Знаю, не всем это нравится. Мне страшно, Саймон. Каждый день. Теперь и ты знаешь, каково это. Ты же и сам боишься.
— Не понимаю тебя, — хрипло отвечает Саймон.
— Всё ты прекрасно понял. Ты впервые в жизни чувствуешь то же, что и я, — опасность повсюду. И тебе это не по душе.
У Саймона стучит в висках. Правда в словах Роберта пригвоздила его, как булавка мотылька, и он отчаянно бьётся.
— Ты просто завидуешь, — шипит он. — Вот и всё. Ты бы и сам мог жить, как я, если б попытался, но ты палец о палец не ударишь.
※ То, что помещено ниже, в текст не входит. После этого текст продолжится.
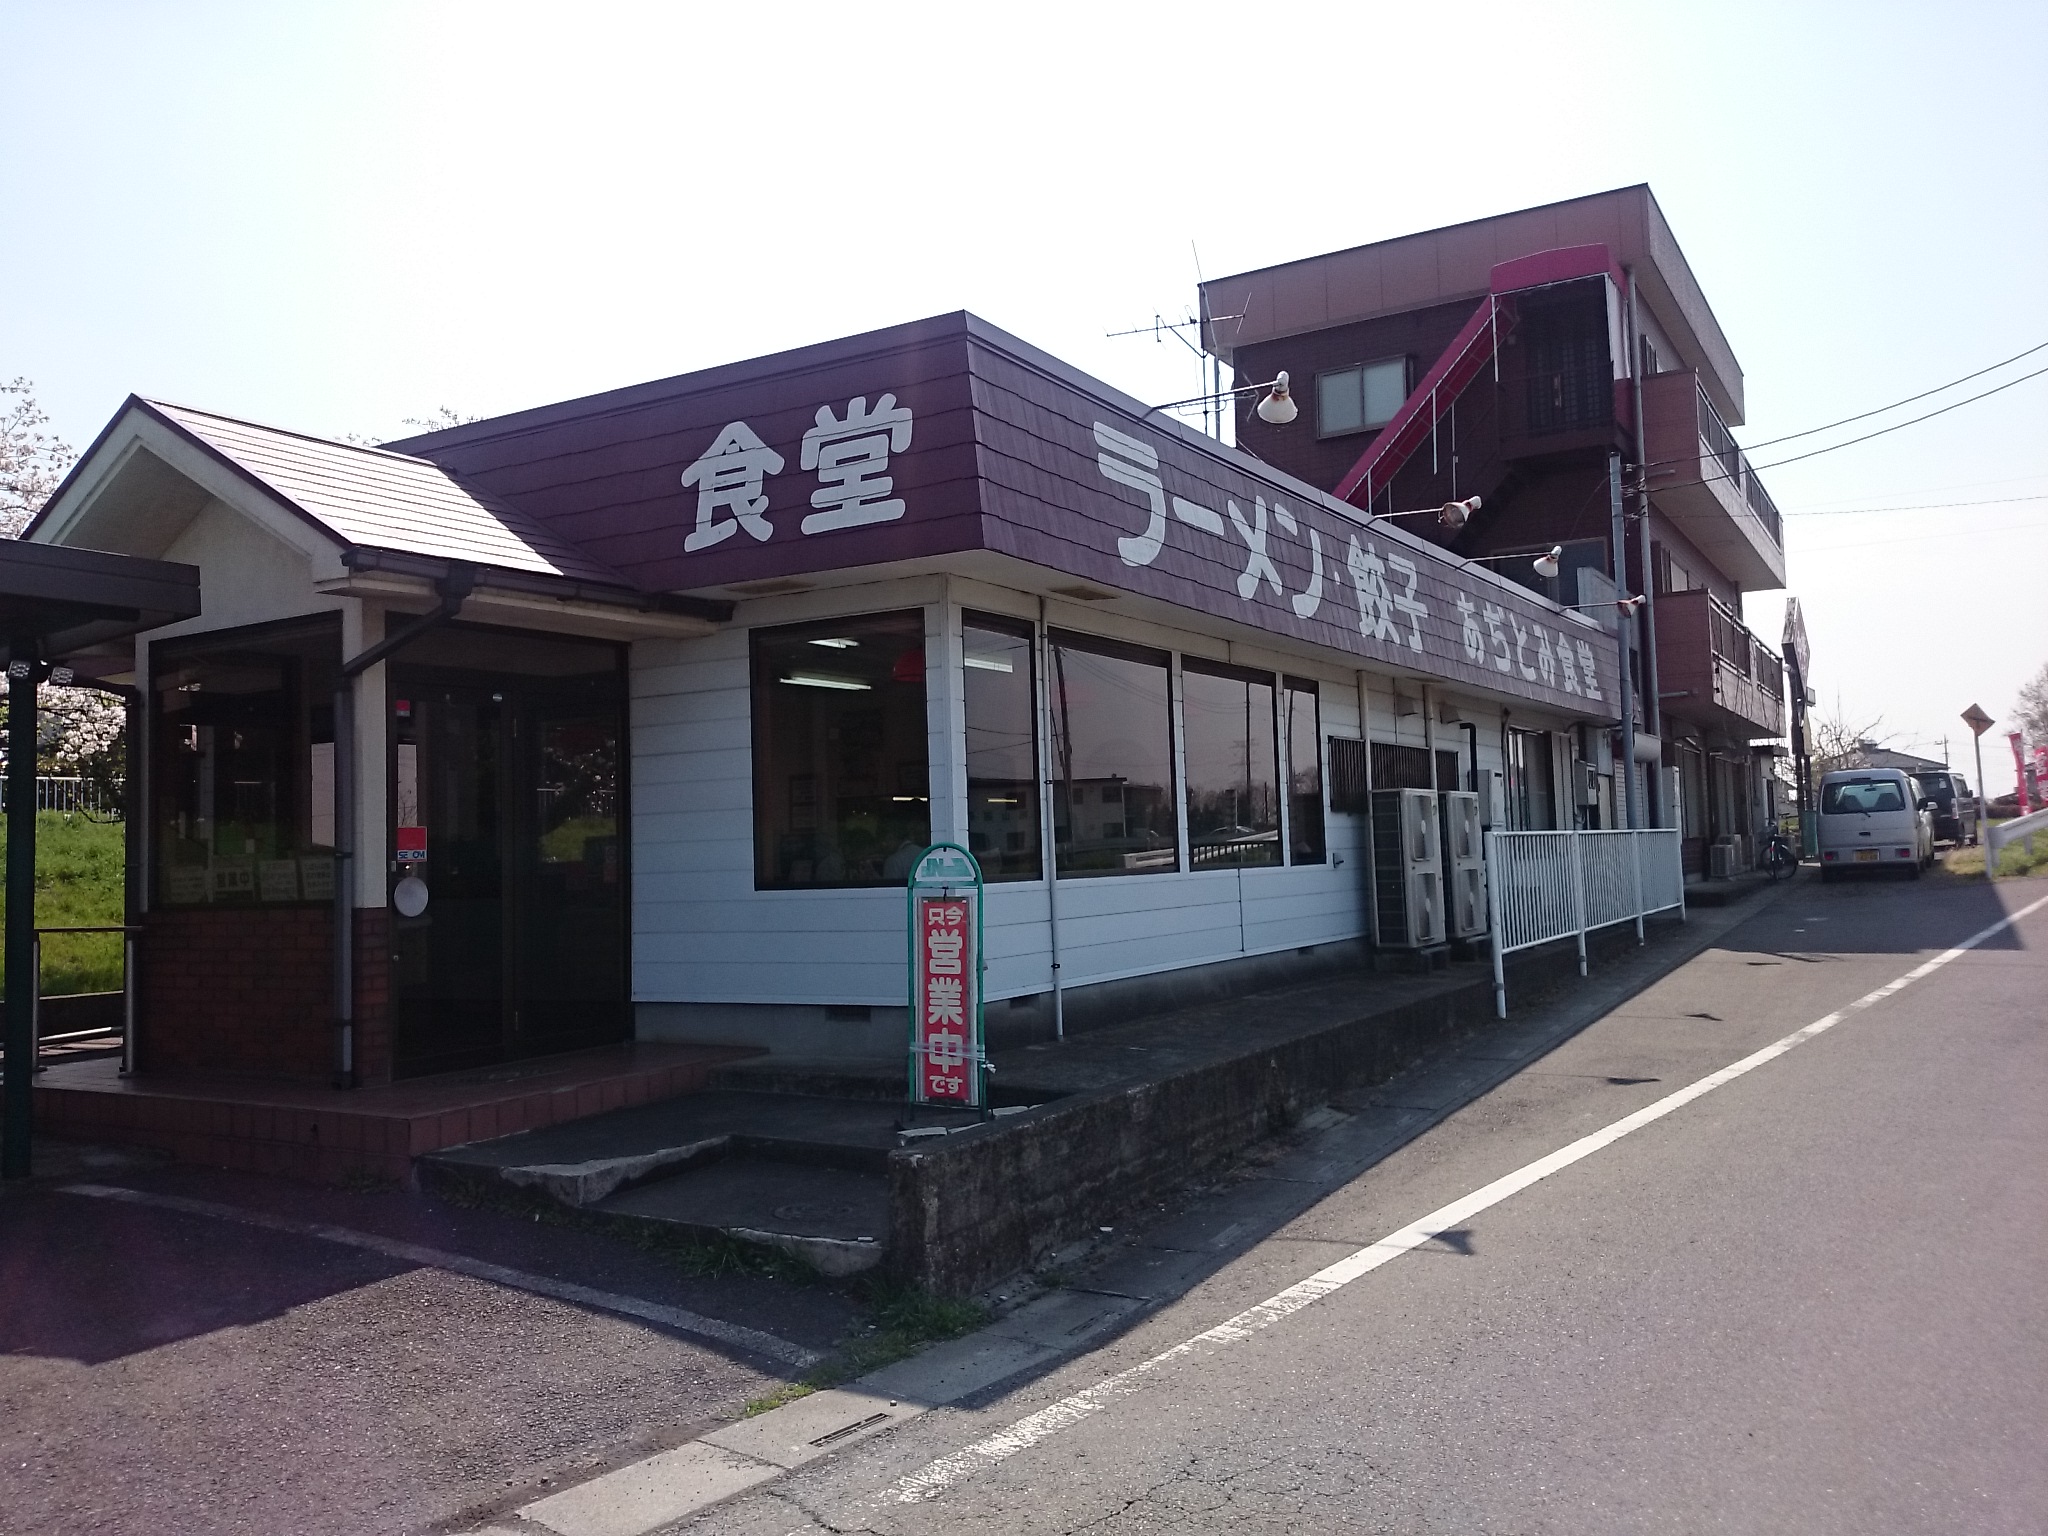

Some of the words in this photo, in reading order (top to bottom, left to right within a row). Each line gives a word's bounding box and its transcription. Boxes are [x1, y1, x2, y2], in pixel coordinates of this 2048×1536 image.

[681, 393, 913, 552] 食堂
[1457, 591, 1602, 701] あぢとみ食堂
[399, 851, 425, 859] SEOM
[928, 906, 964, 925] 只今
[928, 929, 964, 1073] 営業中
[930, 1075, 963, 1095] です
Вот и завидуешь — завидуешь! — что я так могу!
Роберт, слегка пошатнувшись, резко отворачивается. Потом снова смотрит на Саймона, глаза налились кровью.
— Ты такой же, как все, — цедит он, — как все эти манерные педики, художники и сраные «медведи»[26]. Вы твердите о своих правах и свободах, орёте на всех парадах, а на самом деле ваш предел мечтаний — отыметь какого-нибудь байкера в притоне на Фолсом-стрит или обкончать пол в бане. Вы отстаиваете право на беспечность, хотите быть как прочие белые мужчины — любые гетеро. Но вы не такие. Тем и опасен «Пурпур»: там вы забываетесь.
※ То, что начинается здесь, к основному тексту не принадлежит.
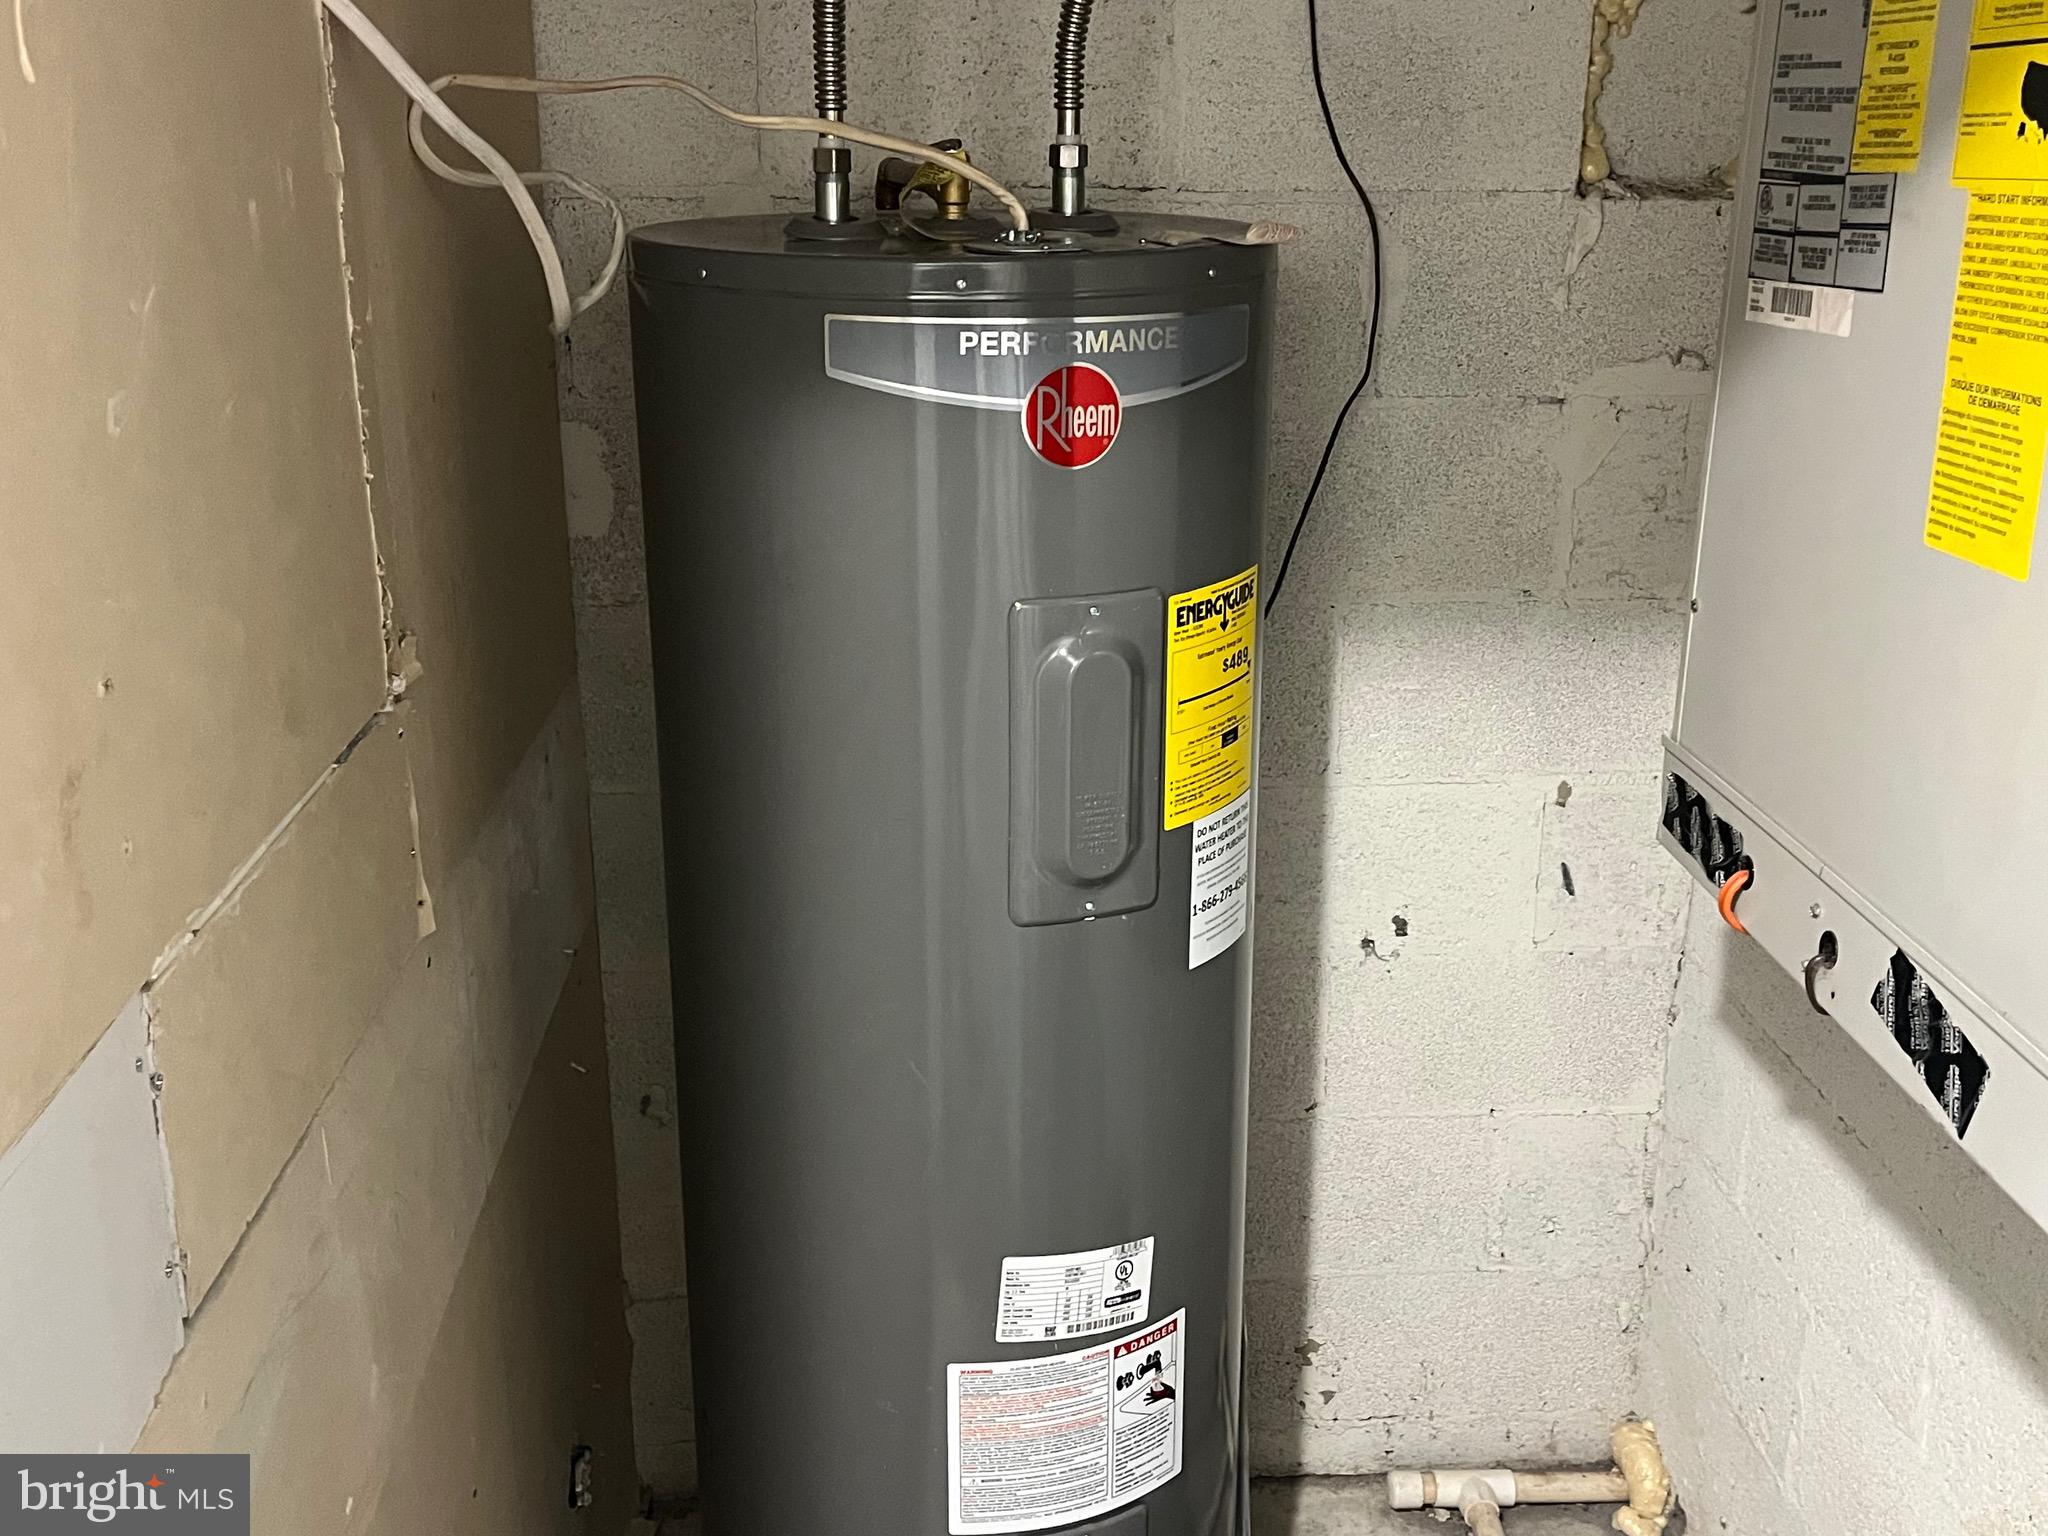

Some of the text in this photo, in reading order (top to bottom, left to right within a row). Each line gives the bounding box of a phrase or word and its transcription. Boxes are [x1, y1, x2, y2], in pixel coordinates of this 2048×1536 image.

[1998, 194, 2020, 204] START
[959, 326, 1180, 356] PERFORMANCE
[1037, 367, 1116, 453] Rheem
[1991, 387, 2042, 407] INFORMATIONS
[1222, 646, 1249, 673] $489
[1197, 826, 1207, 838] DO
[1208, 820, 1221, 832] NOT
[1222, 808, 1240, 825] RETURN
[1195, 835, 1216, 854] WATER
[1217, 824, 1236, 842] HEATER
[1198, 850, 1216, 867] PLACE
[1217, 845, 1224, 857] OF
[1130, 1323, 1174, 1351] DANGER
Саймон весь горит от унижения. «Иди ты в жопу, — хочет он сказать. — В жопу, в жопу, в жопу!» Но речь Роберта повергла его в молчание, наполнив стыдом и гневом, — почему эти чувства столь нераздельны? Развернувшись, он выходит из дома и устремляется в туманный вечерний Кастро — туда, где огни и где, кажется, его всегда ждут мужчины.
Новички в «Пурпуре» — жалкое зрелище: лет по шестнадцать, перепуганные, танцевать не умеют. И народу мало, всего несколько парочек жмутся по углам или толкутся возле платформ. После смены Адриан на взводе. «Уёбываем из этого проклятого места», — бубнит он, вытираясь полотенцем. Саймон с ним согласен. Он садится к Адриану в машину, и они объезжают клубы Кастро, но хозяин клуба «У Альфи» болен, а в «Кью-Ти» так же уныло, как в «Пурпуре», и Адриан, круто развернувшись, направляется в деловой район.
Все тамошние дыры, Свободные бани, закрыты. Останавливаются у магазина эротики на Фолсом-стрит. «ВСЁ ДЛЯ УДОВОЛЬСТВИЯ», — гласит реклама, но кабинки для просмотра видео заняты, а в салоне никого. В банях «Бут Кэмп» на Брайент-стрит пусто. Под конец оказываются в «кожаном»[27] клубе «Звери» — ни у Адриана, ни у Саймона нет кожаных костюмов, зато здесь хотя бы есть люди, и то хорошо. Они оставляют одежду в раздевалке, и Адриан ведёт Саймона сквозь тёмный лабиринт комнат. Мужчины в кожаных гамашах и собачьих ошейниках седлают друг друга, пляшут на стенах тени. Адриан исчезает за углом с парнишкой в конской сбруе, а Саймон не может себя заставить ни к кому прикоснуться. Он ждёт Адриана у входа, тот возвращается через час — зрачки расширены, губы влажные, красные.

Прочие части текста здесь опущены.